With over a million Syrian refugees arriving in Lebanon, fleeing the conflict in their country, Syrians now make up a quarter of the population of this tiny Mediterranean country. Forced to leave with only what they could carry, these refugees now live in desperate poverty. Work is not easy to come by, and many families are forced to send their children out to work to make ends meet.

In Beirut, the Lebanese capital, refugee children sell trinkets or clean shoes to eke out a living and support their families. One of the most harmful forms of child-labour is street-selling. Children as young as three wander the streets of Beirut and other cities selling items such as tissues, gum or flowers, or just begging. Often alone, and working at all hours of the day and night, they are vulnerable to theft, physical and sexual abuse and even trafficking.

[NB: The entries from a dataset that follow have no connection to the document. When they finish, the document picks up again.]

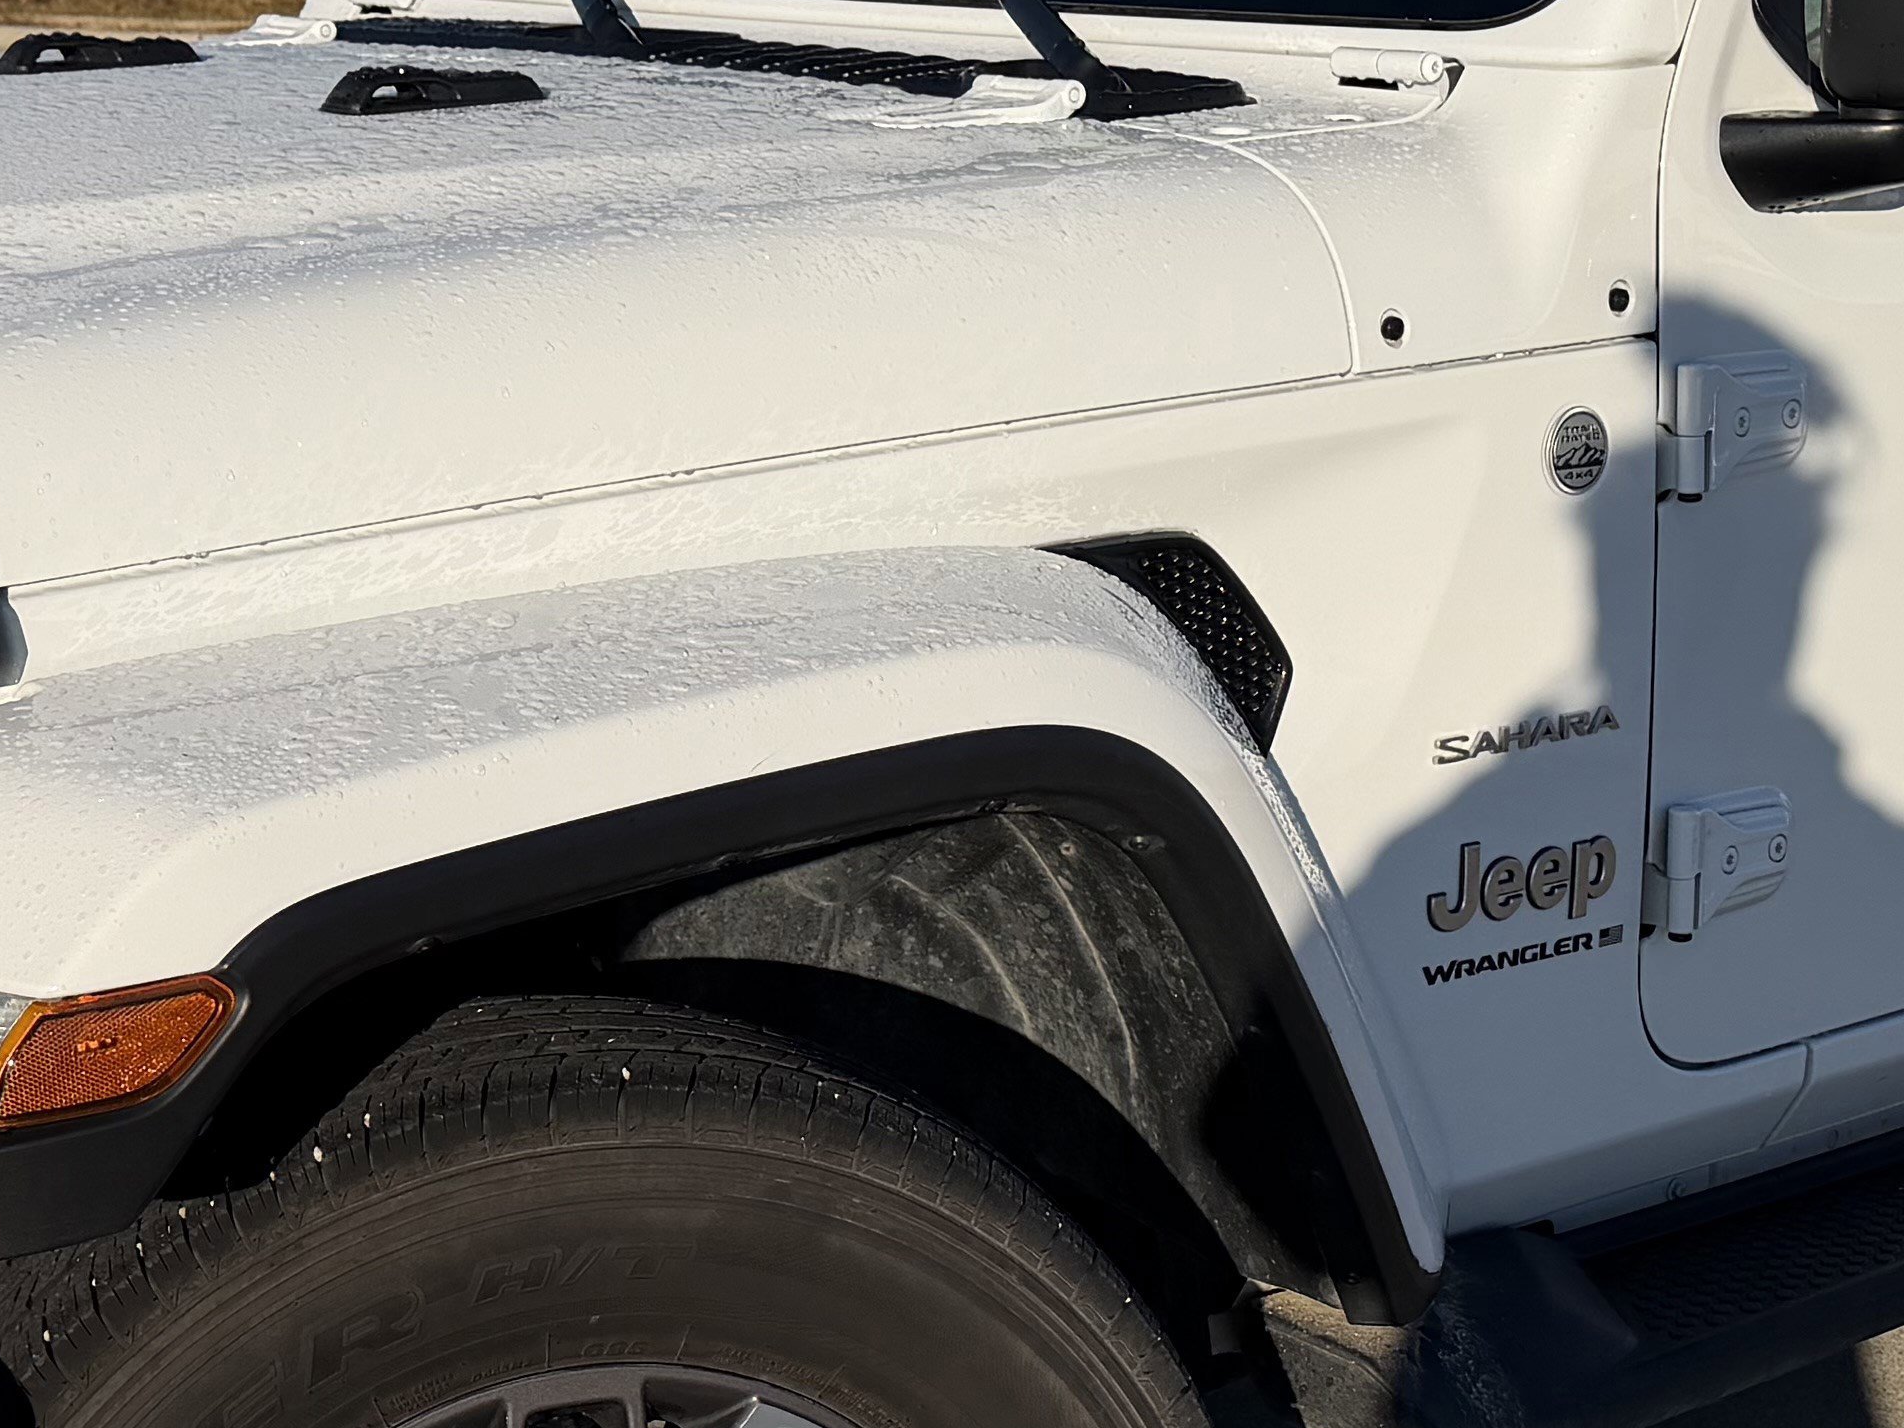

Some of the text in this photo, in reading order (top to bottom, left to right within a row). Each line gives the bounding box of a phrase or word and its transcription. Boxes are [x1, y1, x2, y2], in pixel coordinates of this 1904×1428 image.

[1432, 705, 1620, 765] SAHARA
[1427, 834, 1617, 933] Jeep
[1422, 932, 1593, 986] WRANGLER
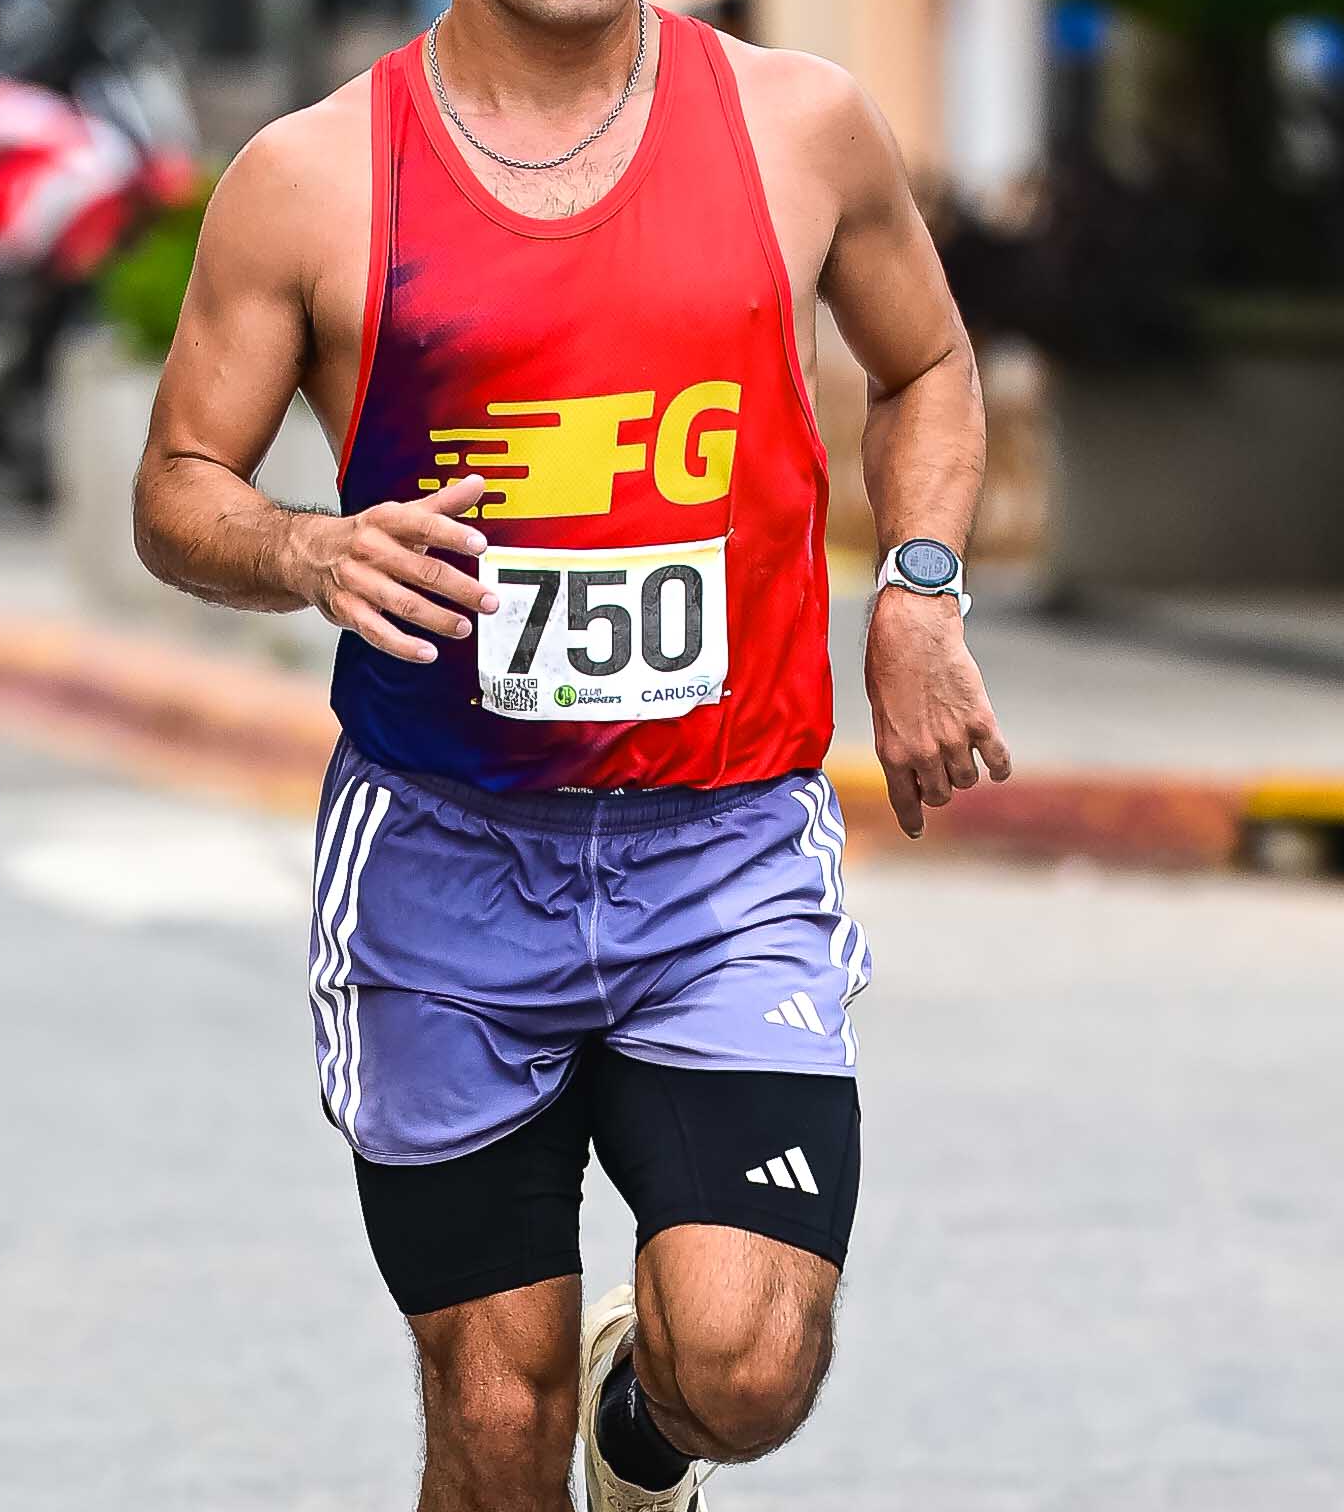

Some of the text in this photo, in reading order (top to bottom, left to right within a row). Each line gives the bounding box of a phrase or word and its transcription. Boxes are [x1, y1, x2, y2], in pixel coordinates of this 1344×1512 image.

[420, 381, 742, 519] FG
[498, 564, 703, 676] 750
[641, 684, 707, 703] CARUSO
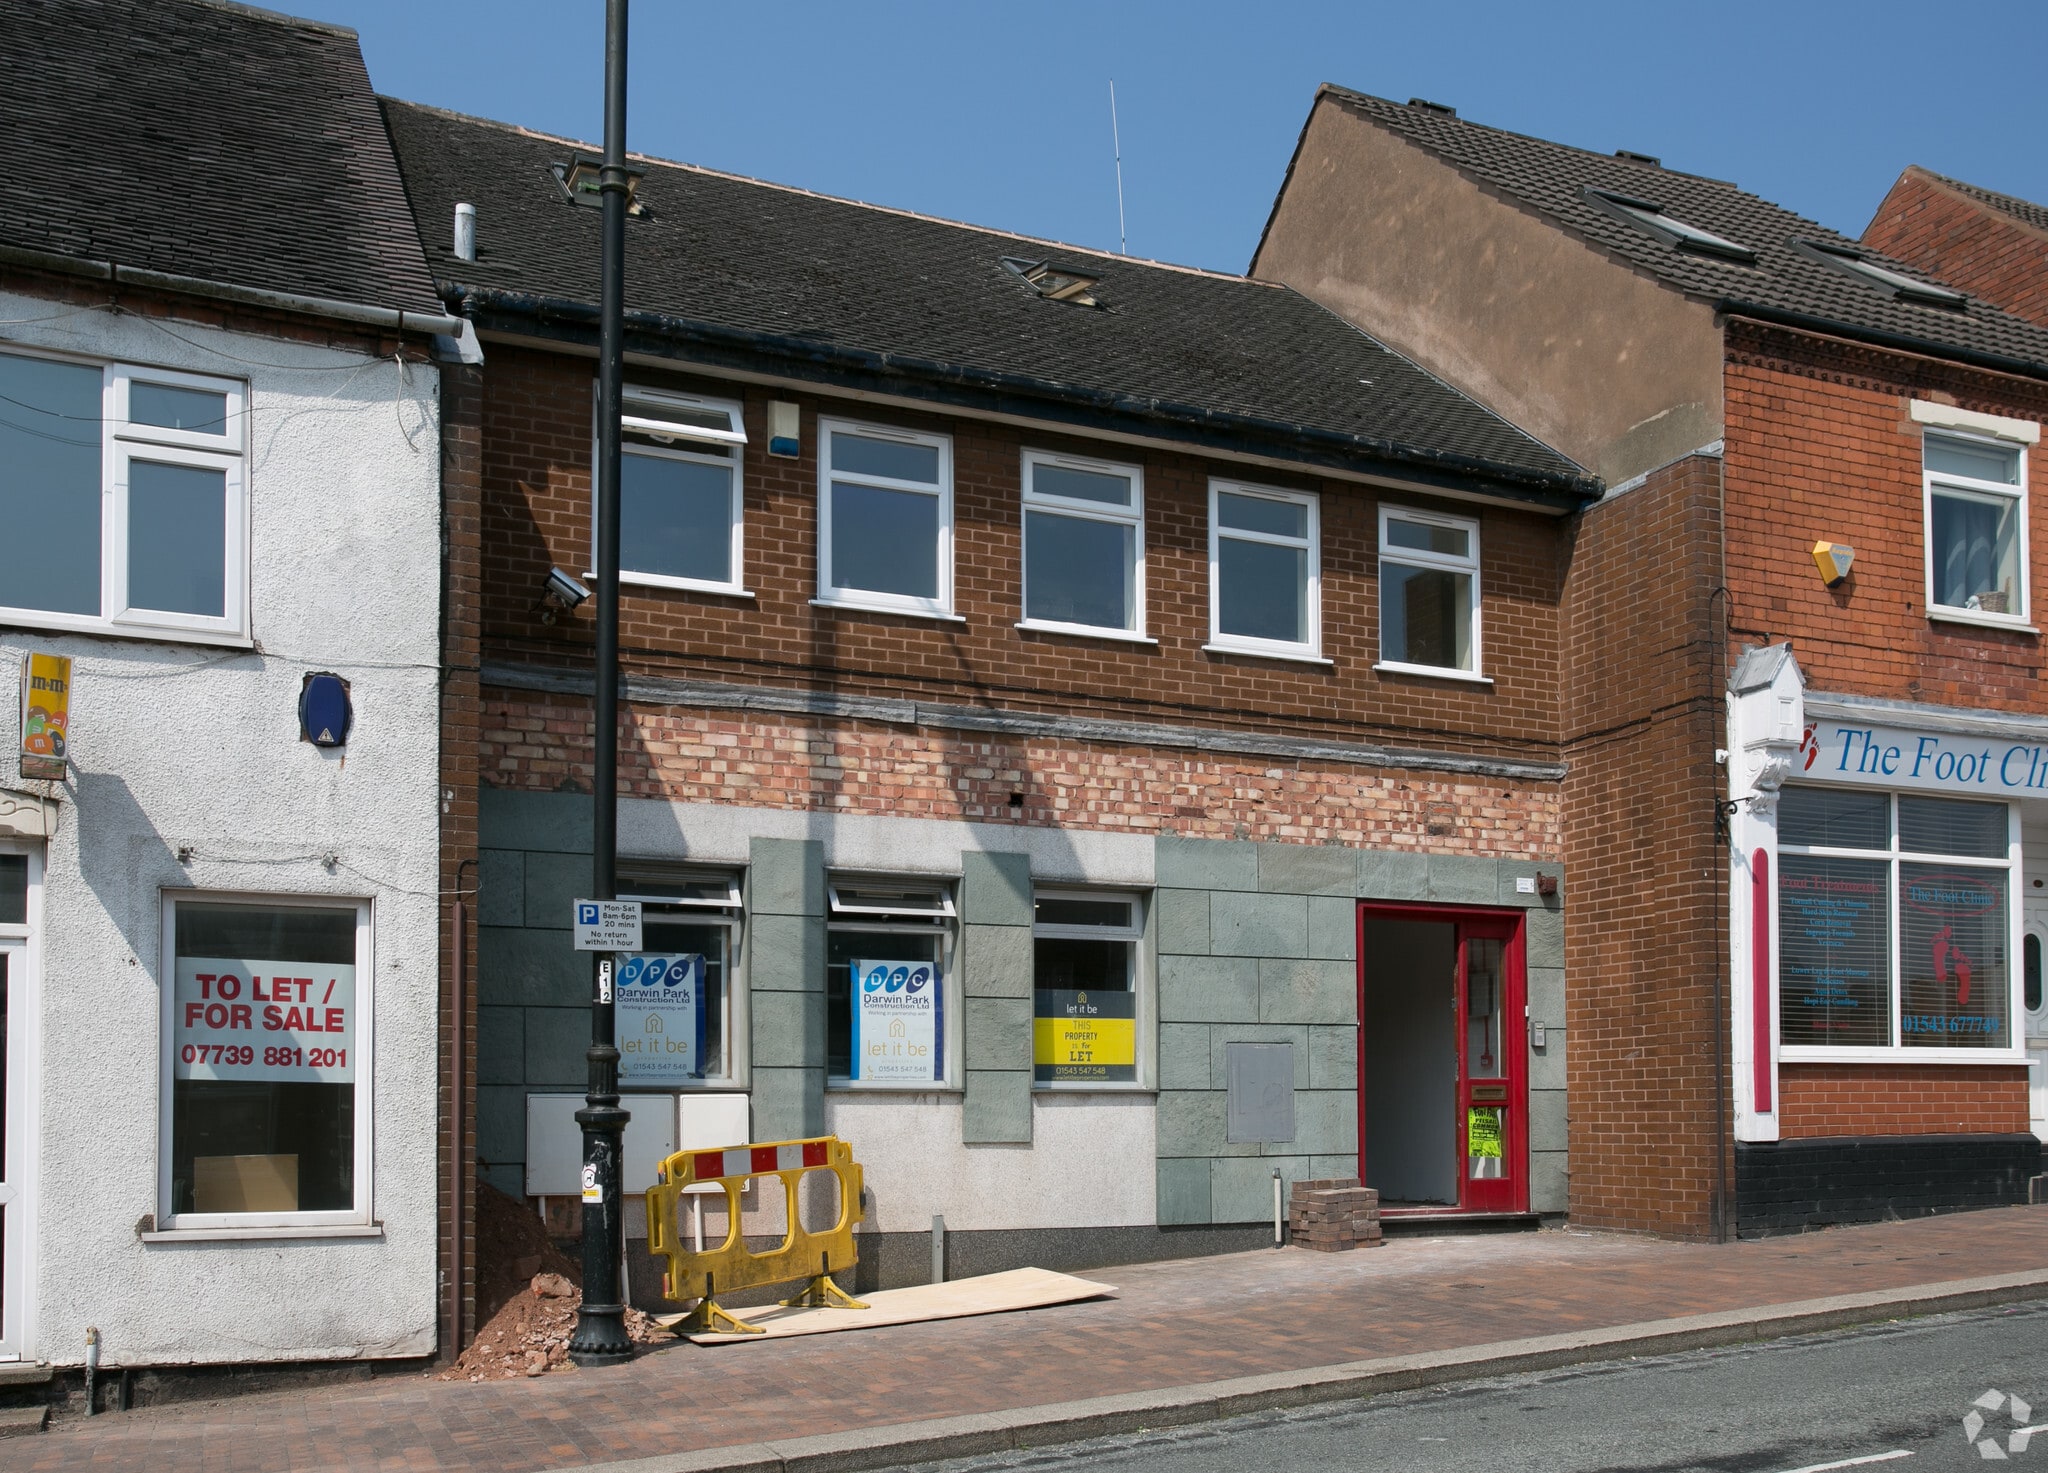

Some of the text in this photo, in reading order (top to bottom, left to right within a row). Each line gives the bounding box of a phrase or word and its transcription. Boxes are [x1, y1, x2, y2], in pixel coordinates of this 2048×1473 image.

To be sure, child labour is not a new problem, but organized child labour is, indeed, a much more recent – and troubling – issue that mirrors the worsening humanitarian catastrophe in Syria. In Ms Calivis’ own words, the ‘invisible is becoming visible.’

It’s not easy watching these children, in their dozens, and in plastic sandals and fragile dressing, tremble in the chill of the dawn as they clamber on the back of the transporting truck. Holding fast to metal bars, as if to dear life itself, they rock back and forth in the vehicle that is otherwise used to transport livestock. Thus are they taken to a nearby farm where, in this case, courgettes are ripe for the plucking. Once at the farm, this bunch of young workers spread out into the lush green fields as the Syrian middleman, who organizes the labour on this Lebanese farm, shouts at them to get started with the work. The courgettes have to be plucked carefully for the stalks are quite thorny.

In other fields, where crops such as grapes or potatoes are grown, the harvesting work done by these children is even more difficult and dangerous. Aid officials speak of seeing children cut themselves with knives or run in fear from powerful combine harvesters that plough the soil.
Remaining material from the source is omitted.